Od kilku dni otrzymujemy telefony i maile od zdenerwowanych rolników, którzy otrzymują z biur powiatowych Agencji Restrukturyzacji i Modernizacji Rolnictwa kolejne już pisma z przesunięciem terminu wydania decyzji o przyznaniu płatności bezpośrednich. Dla wielu z nich to kolejne już pismo, bo pierwsze otrzymali na przełomie lutego i marca br., gdzie Agencja informowała, że ich sprawa zostanie załatwiona w kwietniu lub w maju. Teraz na większości z tych pism widnieje data czerwcowa.
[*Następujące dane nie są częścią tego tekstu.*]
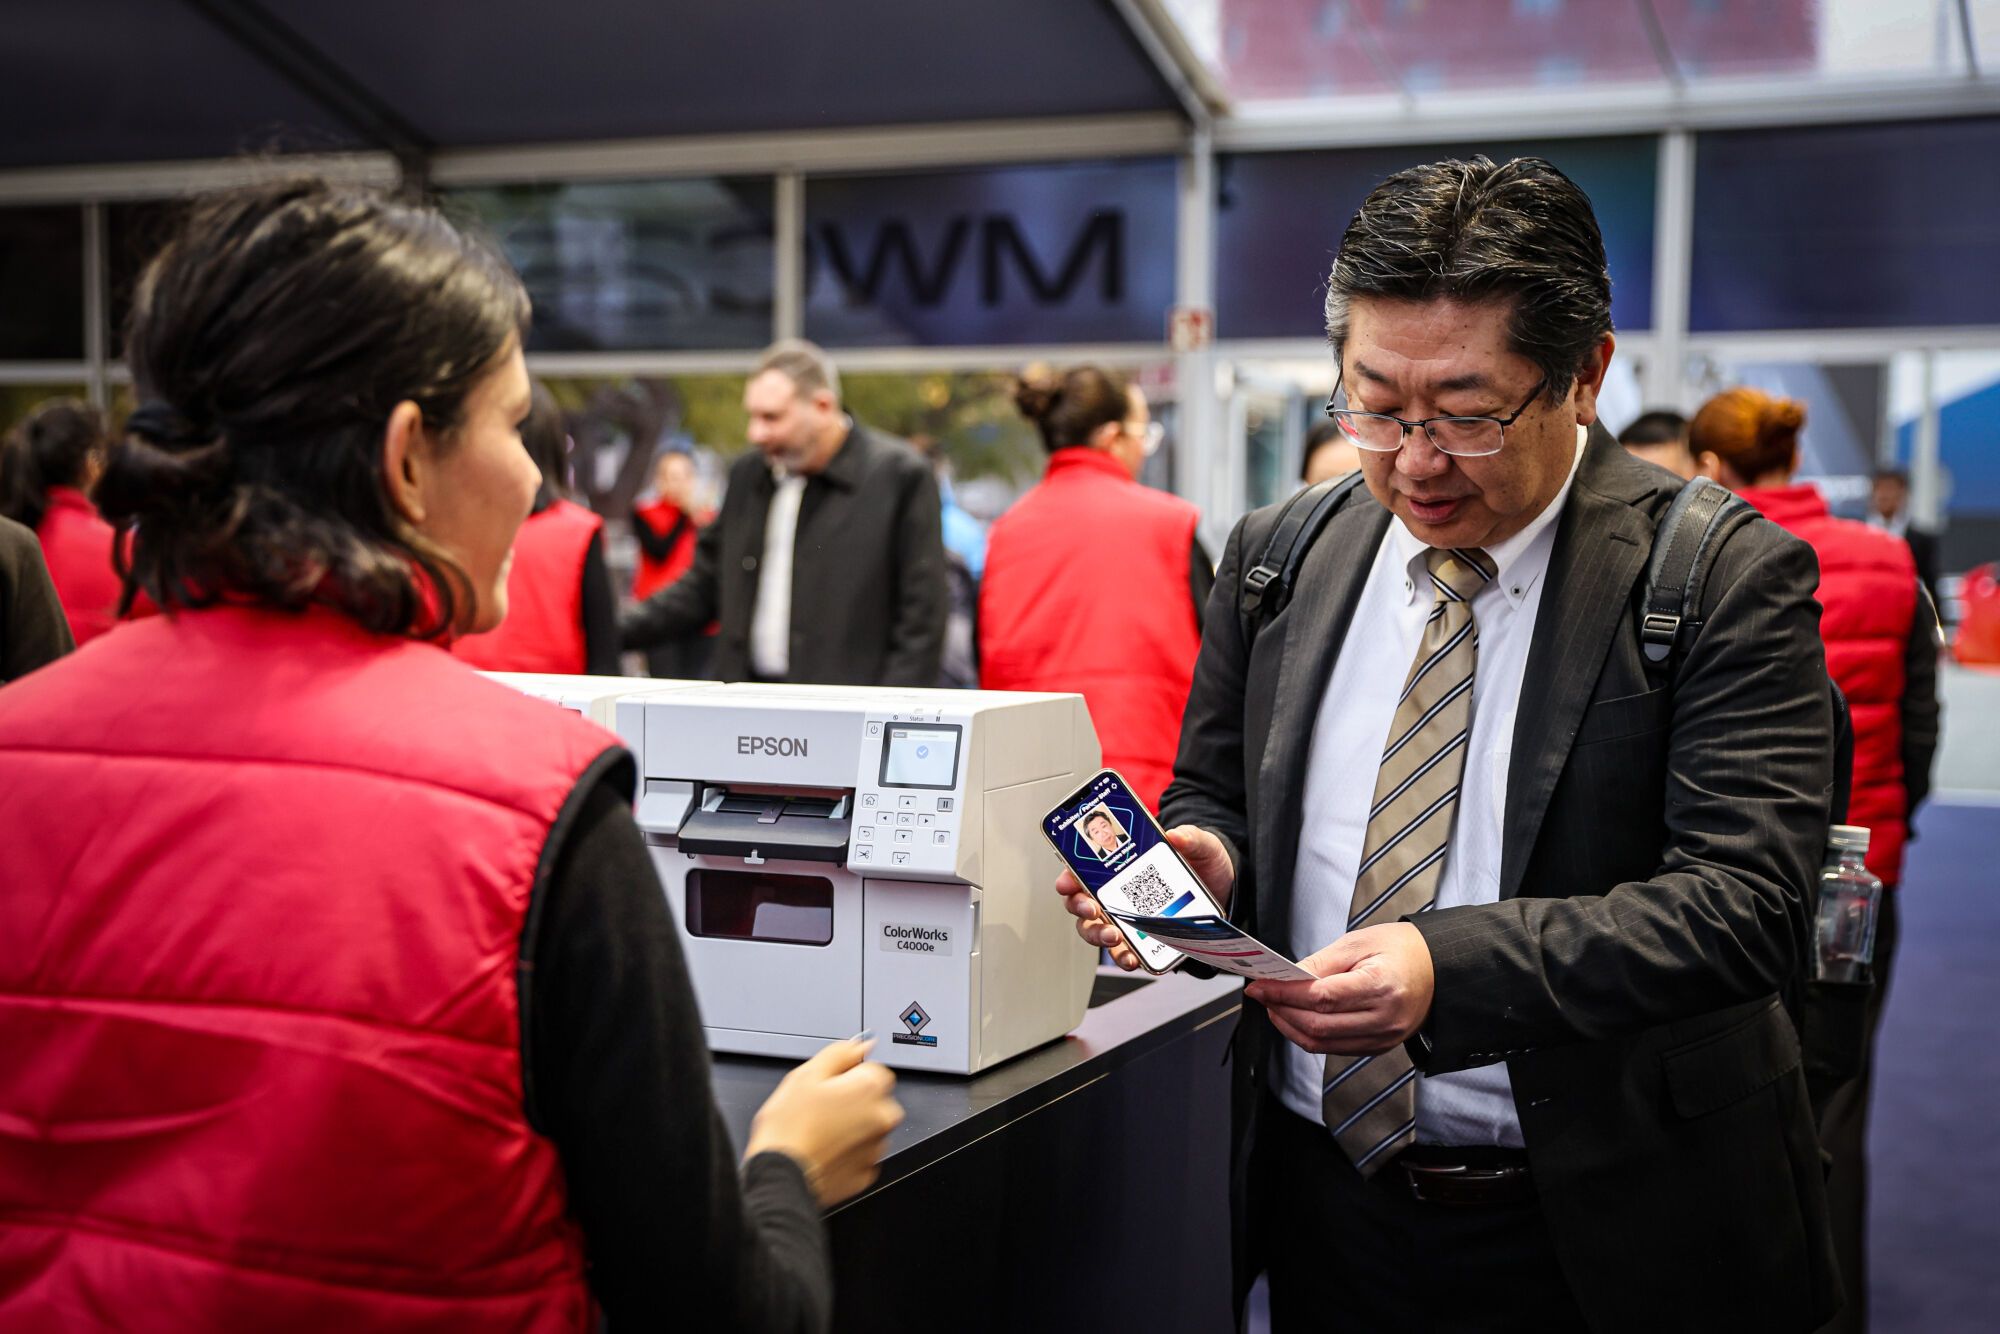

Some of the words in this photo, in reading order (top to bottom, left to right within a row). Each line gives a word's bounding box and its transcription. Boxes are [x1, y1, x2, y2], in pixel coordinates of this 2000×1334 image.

– To jakaś bzdura – denerwuje się przez telefon p. Janusz z woj. kujawsko-pomorskiego. – Kilka dni temu byłem w moim biurze powiatowym składać wniosek o dopłaty na 2017 rok zapytałem pracownika o status mojego wniosku z poprzedniego roku. Wprawdzie dostałem zaliczkę w listopadzie, ale nadal czekam na decyzję i pozostałe 30% dopłat bezpośrednich, płatności ONW i rolnośrodowiskowe. Pracownik sprawdził w systemie i powiedział, że mój wniosek przeszedł pozytywnie wszystkie kontrole i czeka na wydanie decyzji, więc ma spokojnie czekać, bo na pewno niedługo dostanę decyzję i pieniądze. Minęło kilka dni i dostałem pismo, gdzie ARiMR mówi o kolejnych niezbędnych kontrolach i skomplikowanym charakterze sprawy. No to jak to jest w końcu? – pyta zdenerwowany.
Sądząc po sygnałach, które docierają do naszej redakcji, rolników otrzymujących teraz takie pisma jest wielu. Tymczasem Agencja wydała wczoraj specjalny komunikat prasowy, w którym deklaruje, że tempo wypłaty płatności jest większe niż przed rokiem, a 96,8% rolników otrzymało już decyzję.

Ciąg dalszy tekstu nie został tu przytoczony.